Measurement of limonin and hesperidin was performed with a method adapted from a previous study [43,44]. The extracts were collected and filtered through a 0.2 micron nylon syringe filter. The extracts were adjusted pH values to 7.4 with sodium hydroxide or citric acid solution. The final volumes were adjusted by using phosphate-buffered saline (pH 7.4) prior to analysis. The samples were analyzed with ultra-high performance liquid chromatography (UHPLC)-tandem mass spectrometry by using Ultimate 3000 connected with a TSQ Quantis Triple Quadrupole Mass Spectrometer (Thermo Scientific, Waltham, MA, USA). UHPLC was performed by using Hypersil GOLD C18 column (1.9 μm particle size, 100 mm × 2.1 mm, ThermoScientific, Waltham, MA, USA). The column was maintained at 40 °C. Gradient run at a flow rate of 0.3 mL/ min for 5.10 min was performed using two types of mobile phase, i.e., 0.1% formic acid in deionized water (A) and 0.1% formic acid in methanol (B). The gradient program included: 0–1.3 min, 15–30% B; 1.30–2.50 min, 30–60% B; 2.50–5.10 min, 60–60% B. The injection volume was 1 µL. Tandem mass spectrometric analysis was performed in electron spray ionization with positive ion mode (ESI+) at spray voltage of 3.5 kV, ion transfer tube temperature at 350 °C, vaporizer temperature at 400 °C, sheath gas, auxiliary gas and sweep gas at 60, 15 and 2 arbitrary units, respectively. Mass spectrometer analyses of all samples were performed in selected reaction monitoring (SRM) mode for simultaneous analysis of multiple masses. The mass-to-charge ratio (m/z) of limonin precursor and quantified product mass were 471 and 425, respectively. The collision energy of 20 V was used for the transition. The confirmation product mass for limonin was m/z 367 with the collision energy of 19 V for the transition. For hesperidin, the precursor and quantified product mass were m/z 611 and 303, respectively. The collision energy of 20 V was used for the transition. The confirmation product mass for hesperidin was m/z 465 with the collision energy of 12 V for the transition.

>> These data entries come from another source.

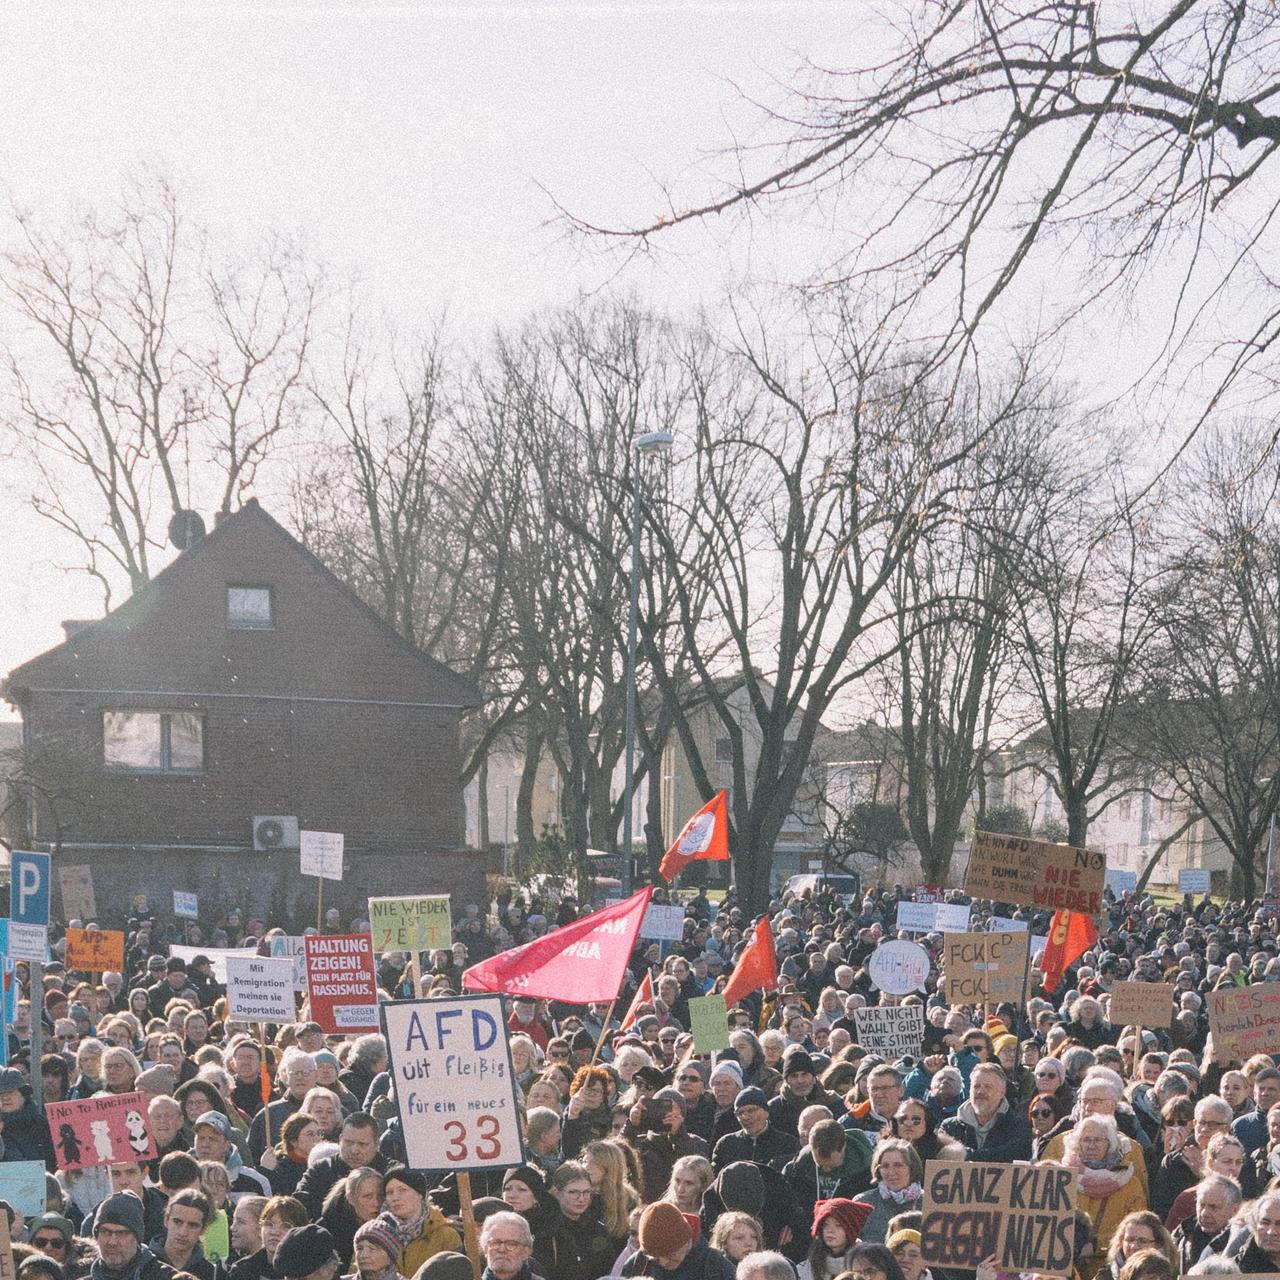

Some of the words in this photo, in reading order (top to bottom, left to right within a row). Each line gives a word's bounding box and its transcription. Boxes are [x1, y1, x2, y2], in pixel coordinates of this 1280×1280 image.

[992, 866, 1019, 878] DUMM
[1045, 865, 1082, 888] NIE
[20, 862, 40, 914] P
[373, 903, 398, 916] NIE
[401, 900, 448, 915] WIEDER
[1033, 885, 1101, 915] WIEDER
[401, 917, 420, 927] IST
[309, 939, 368, 953] HALTUNG
[951, 944, 984, 966] FCK
[249, 964, 264, 973] Mit
[311, 957, 361, 970] ZEIGEN!
[312, 973, 329, 982] KEIN
[332, 973, 353, 982] PLATZ
[356, 971, 371, 981] FÜR
[313, 984, 373, 996] RASSISMUS.
[951, 978, 985, 997] FCK
[239, 992, 269, 1001] meinen
[270, 993, 282, 1001] sie
[857, 1010, 882, 1021] WER
[886, 1006, 920, 1020] NICHT
[405, 1009, 497, 1051] AFD
[898, 1019, 922, 1032] GIBT
[861, 1036, 886, 1047] SEINE
[888, 1032, 923, 1046] STIMME
[403, 1058, 430, 1080] übt
[408, 1092, 430, 1115] für
[434, 1101, 456, 1112] ein
[468, 1098, 506, 1110] neues
[444, 1115, 502, 1162] 33
[931, 1167, 1004, 1204] GANZ
[1009, 1167, 1072, 1211] KLAR
[920, 1210, 1003, 1266] GEGEN
[1002, 1214, 1074, 1271] NAZIS

Standard curves were generated from standard solution of single compound (limonin or hesperidin) at the concentrations of 5, 10, 25, 50, 100 µg/ mL in ethanol. The areas under the curve (AUC) of MS chromatograms for the quantified product mass and the corresponding concentrations of limonin and hesperidin were used to create linear standard curves.

4.4. Statistical Analysis

Statistical analyses were performed using PASW Statistics 18 (formerly SPSS Statistics) or GraphPad prism V.9. Data were expressed as means ± SD of at least 3 independent experiments (three separate extractions). One-way analysis of variance (ANOVA) with Tukey’s multiple comparisons or Ryan–Einot–Gabriel–Welsh F (REGWF) post hoc test was performed to compare the mean of each experimental condition. Multi-factorial ANOVA was used to determine the interaction effect of independent variables. A p value < 0.05 indicated a statistically significant difference.

5. Conclusions

This study demonstrated that lime peel obtained as food waste from a lime juice factory could be a potential renewable plant source for limonin and hesperidin—a rich extract. Using LC-MS/MS for determination of the bioactive compounds together with response surface methodology, we discovered that solvent concentration and extraction temperature were crucial factors that influenced extraction yields. The optimum condition to obtain the highest yields of limonin and hesperidin from lime peel was extraction with 80% ethanol at a solid-to-solvent ratio of 0.01 g/mL and pH 7 at 50 °C for 100 min. This condition provided the yields of limonin and hesperidin at 2.072 and 3.353 mg/g, respectively. The method used ethanol and water as the extraction solvent, which is safer for extractors and more environmentally friendly than other previously used organic solvents. Therefore, this process offers a good alternative that may be applied for implementation on an industrial scale as a green extraction process of limonin and hesperidin.